At the end of The Departed, everyone kills everyone. After a tense rooftop confrontation between Costigan and Sullivan, Trooper Brown pulls a gun on Costigan. In quick succession, Costigan and Brown are killed by Trooper Barrigan, Barrigan is killed by Sullivan, and Sullivan is killed by Dignam. The audience’s patience is rewarded with a slew of killings.

Goodfellas

Arguably Scorsese’s magnum opus, Goodfellas, jumps all over the map in its nonlinear telling of the life story of gangster-turned-informant Henry Hill. But the climactic sequence dedicates a huge chunk of the runtime to a single day as Henry runs around town, trying to sell black-market firearms and organize a family dinner simultaneously, all while worrying that he’s being followed by a police helicopter.

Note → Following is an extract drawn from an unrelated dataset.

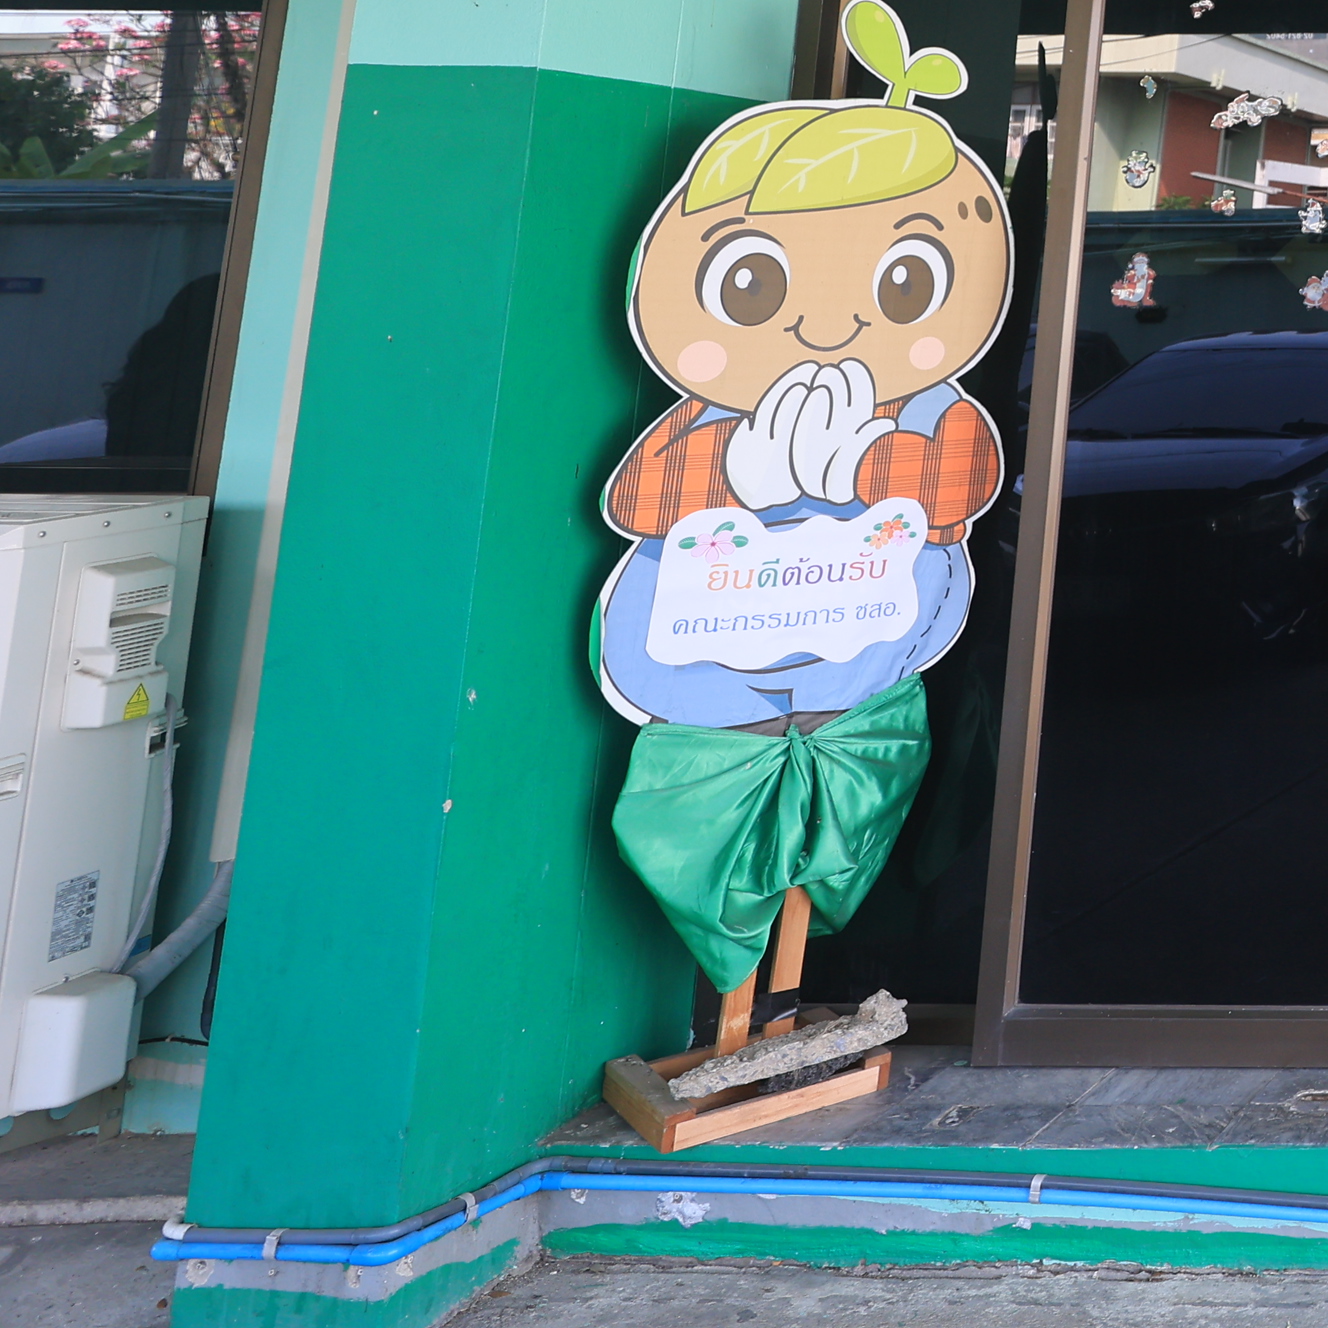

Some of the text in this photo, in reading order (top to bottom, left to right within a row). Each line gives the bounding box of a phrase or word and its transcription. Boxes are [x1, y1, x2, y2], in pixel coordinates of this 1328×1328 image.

Scorsese uses a bunch of cinematic tricks to capture Henry’s frazzled, paranoid mindset, from constantly changing the song on the soundtrack to a frenzy of rapid-fire cuts.

Shutter Island

The climax in Scorsese’s adaptation of Shutter Island has one of the most effective rug-pull twists in the history of psychological thrillers. Teddy Daniels goes down to the lighthouse where he fears his missing partner has been taken and finally uncovers the truth.

Scorsese keeps the audience guessing throughout the whole movie, and as it turns out, the truth is much more horrifying than anything they could’ve imagined. Plot twists in expository monologue form don’t always work, but Shutter Island’s twisty monologue works wonders in the hands of the great Ben Kingsley.

Taxi Driver

Travis Bickle finally puts his vigilante crusade into action in the desaturated blood-soaked finale of Taxi Driver. He shoots Sport outside his brothel, then goes inside and starts picking off unsuspecting johns. What sets Taxi Driver apart from other gritty vigilante thrillers of the 1970s is its sobering realism.

The climactic shootout isn’t the kind of triumphant bloodshed carried out by the invincible Paul Kersey; Travis takes more gunshots than he lands, and Iris doesn’t praise him as her knight in shining armor – she’s terrified.